■ Your task: Images in the data are to be skipped, while every line is restated exactly as written.

· · · ·

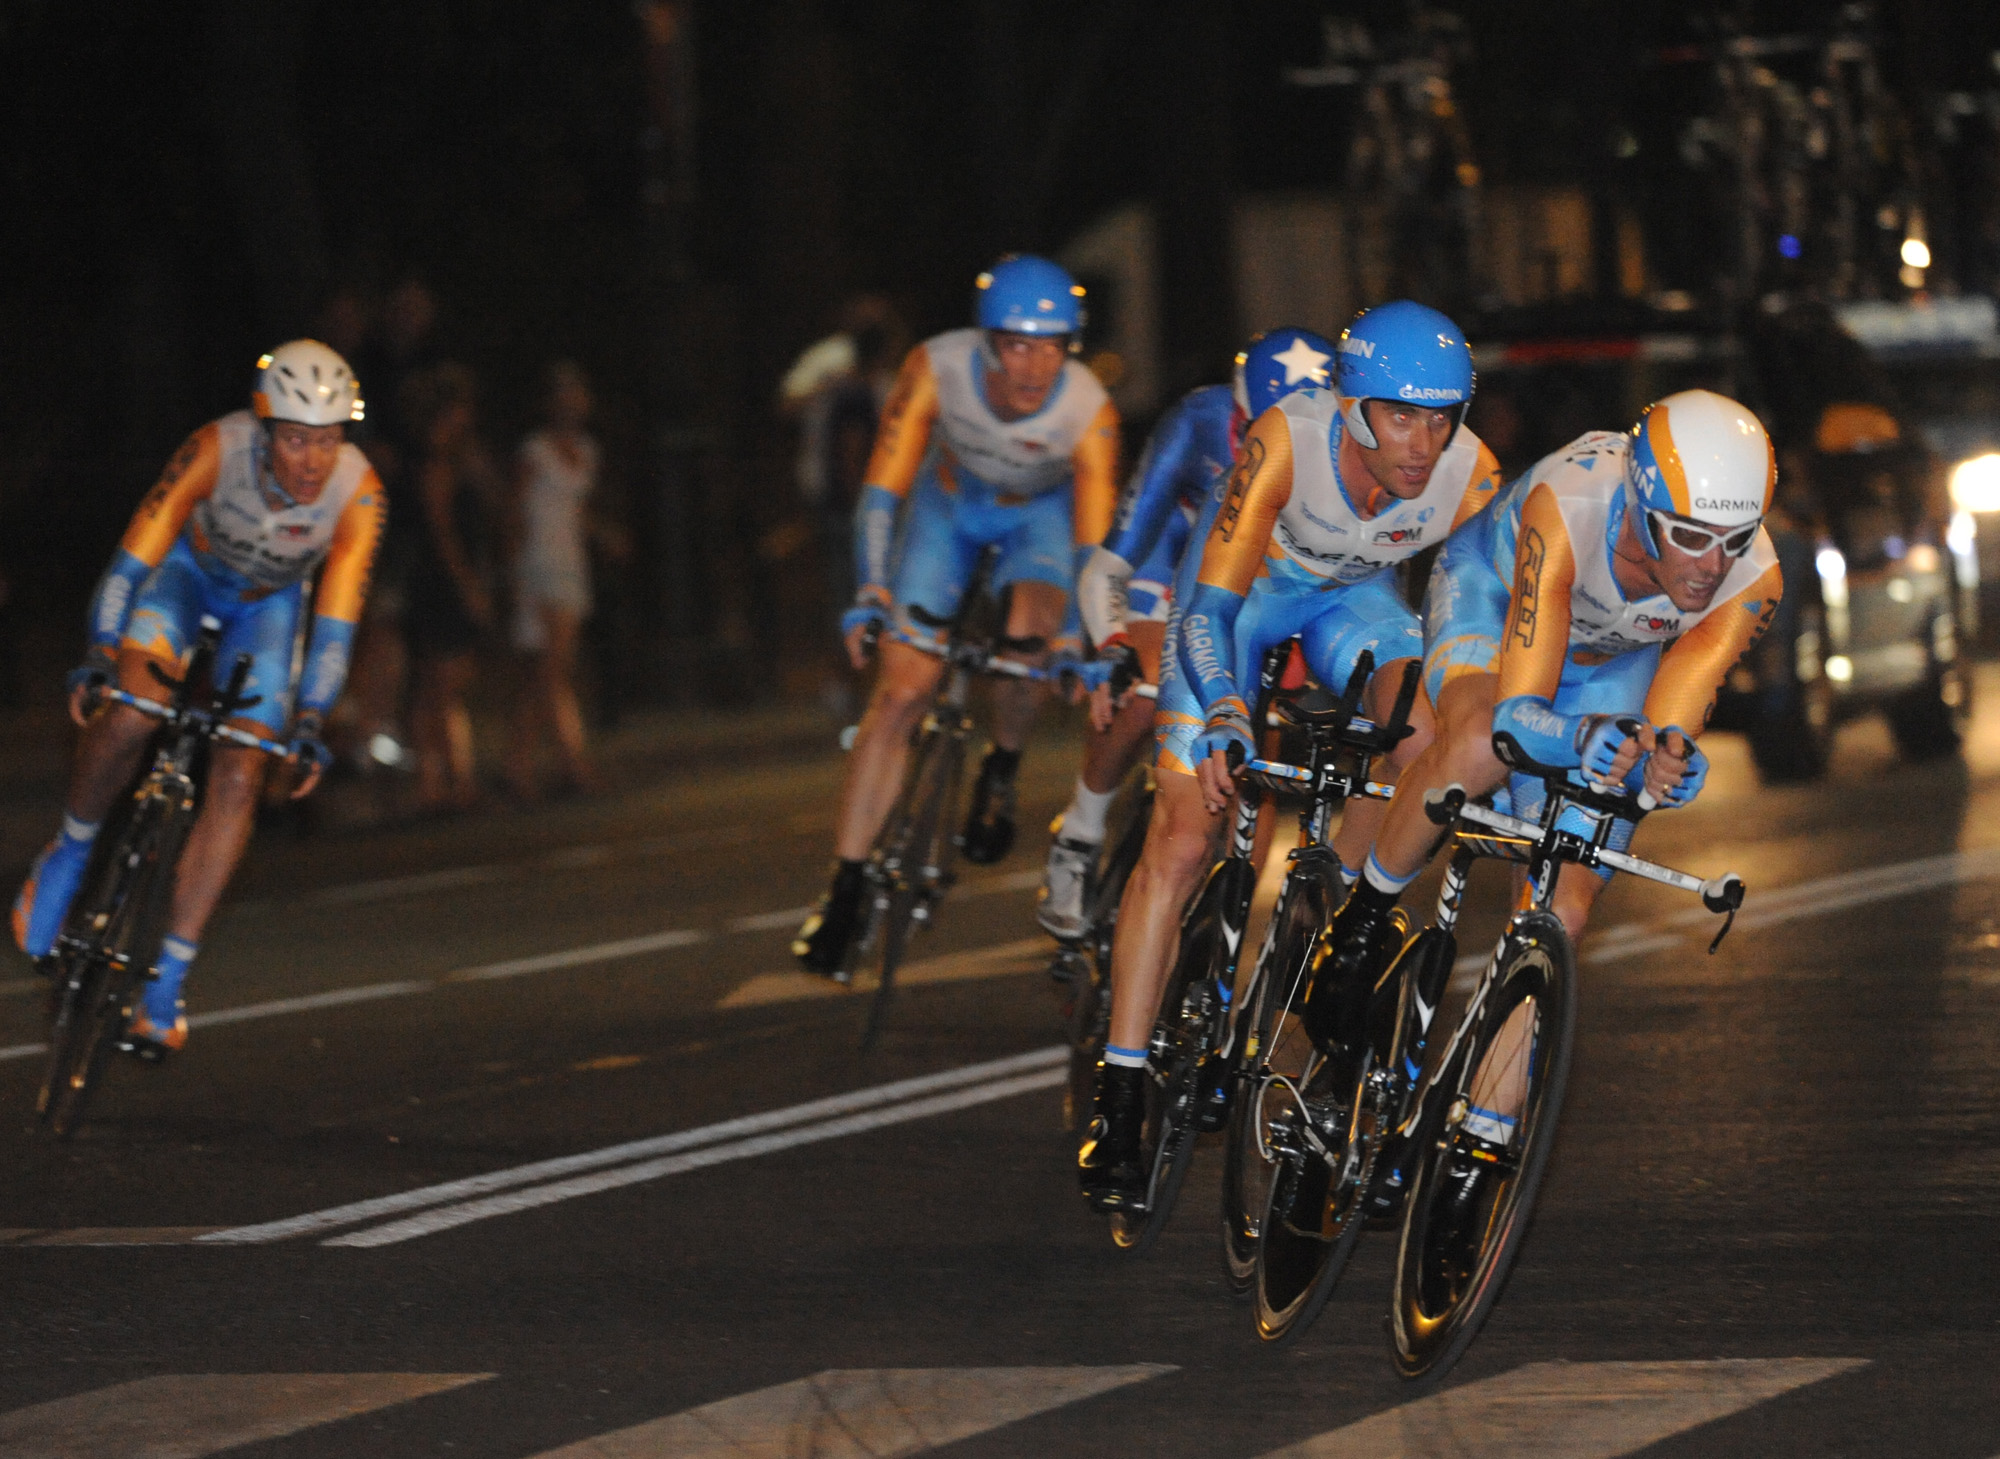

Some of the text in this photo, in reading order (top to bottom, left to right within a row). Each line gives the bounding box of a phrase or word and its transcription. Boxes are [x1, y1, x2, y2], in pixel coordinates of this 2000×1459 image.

[1398, 385, 1463, 401] GARMIN
[1694, 497, 1761, 512] GARMIN
[1515, 525, 1547, 648] FELT
[1182, 614, 1224, 684] GARMIN
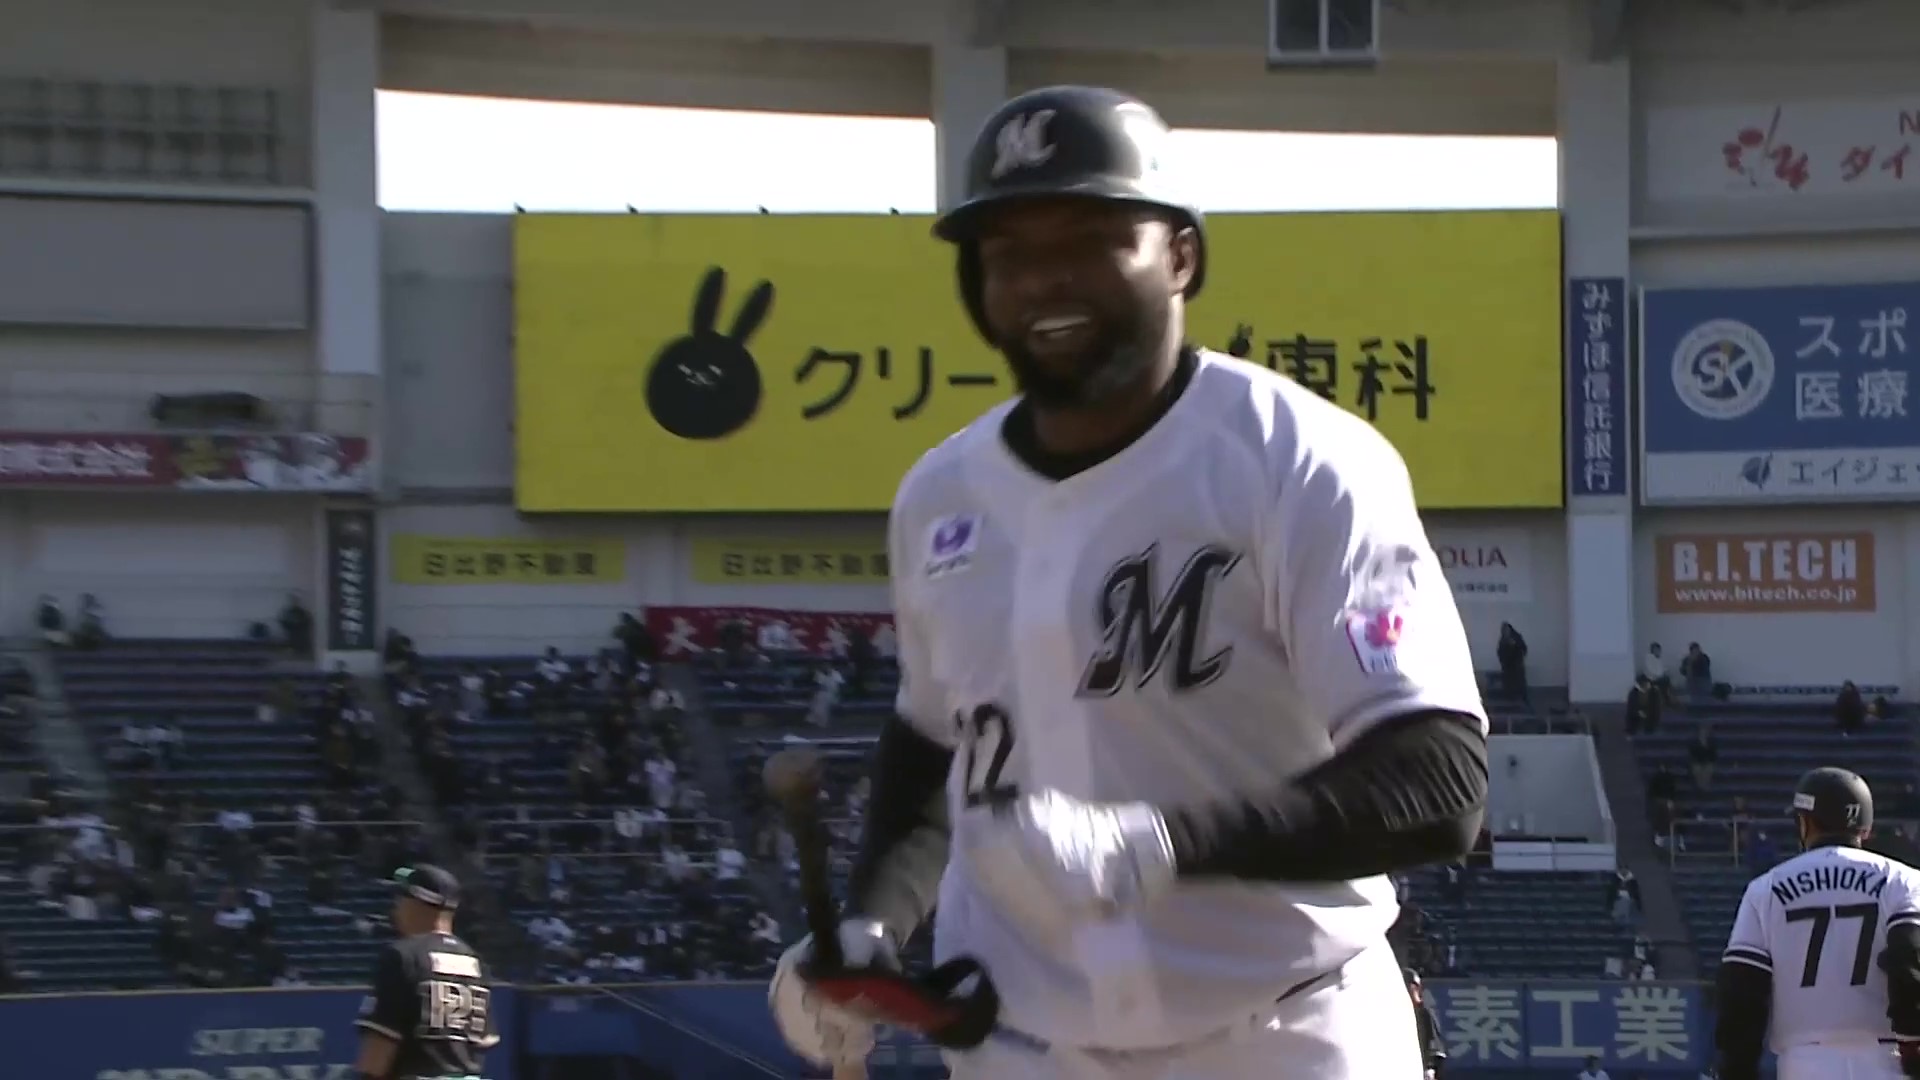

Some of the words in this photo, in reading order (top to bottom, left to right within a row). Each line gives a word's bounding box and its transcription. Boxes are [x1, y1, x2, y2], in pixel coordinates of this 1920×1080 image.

[990, 109, 1057, 178] M
[1840, 143, 1911, 181] ダイ
[1795, 305, 1909, 358] スポ
[1795, 369, 1909, 420] 医療
[1789, 456, 1920, 487] エイジェ
[1673, 539, 1857, 582] B.I.TECH
[1674, 584, 1858, 604] www.bitech.co.jp
[1074, 540, 1244, 700] M
[1771, 865, 1888, 906] NISHIOKA
[1785, 902, 1879, 988] 77

· · · ·

■ Written answer:
Some of the text in this photo, in reading order (top to bottom, left to right within a row). Each line gives the bounding box of a phrase or word and its transcription. Boxes are [x1, y1, x2, y2], in pixel coordinates of this 2000×1459 image.

[1398, 385, 1463, 401] GARMIN
[1694, 497, 1761, 512] GARMIN
[1515, 525, 1547, 648] FELT
[1182, 614, 1224, 684] GARMIN

Some of the words in this photo, in reading order (top to bottom, left to right within a row). Each line gives a word's bounding box and its transcription. Boxes are [x1, y1, x2, y2], in pixel coordinates of this 1920×1080 image.

[990, 109, 1057, 178] M
[1840, 143, 1911, 181] ダイ
[1795, 305, 1909, 358] スポ
[1795, 369, 1909, 420] 医療
[1789, 456, 1920, 487] エイジェ
[1673, 539, 1857, 582] B.I.TECH
[1674, 584, 1858, 604] www.bitech.co.jp
[1074, 540, 1244, 700] M
[1771, 865, 1888, 906] NISHIOKA
[1785, 902, 1879, 988] 77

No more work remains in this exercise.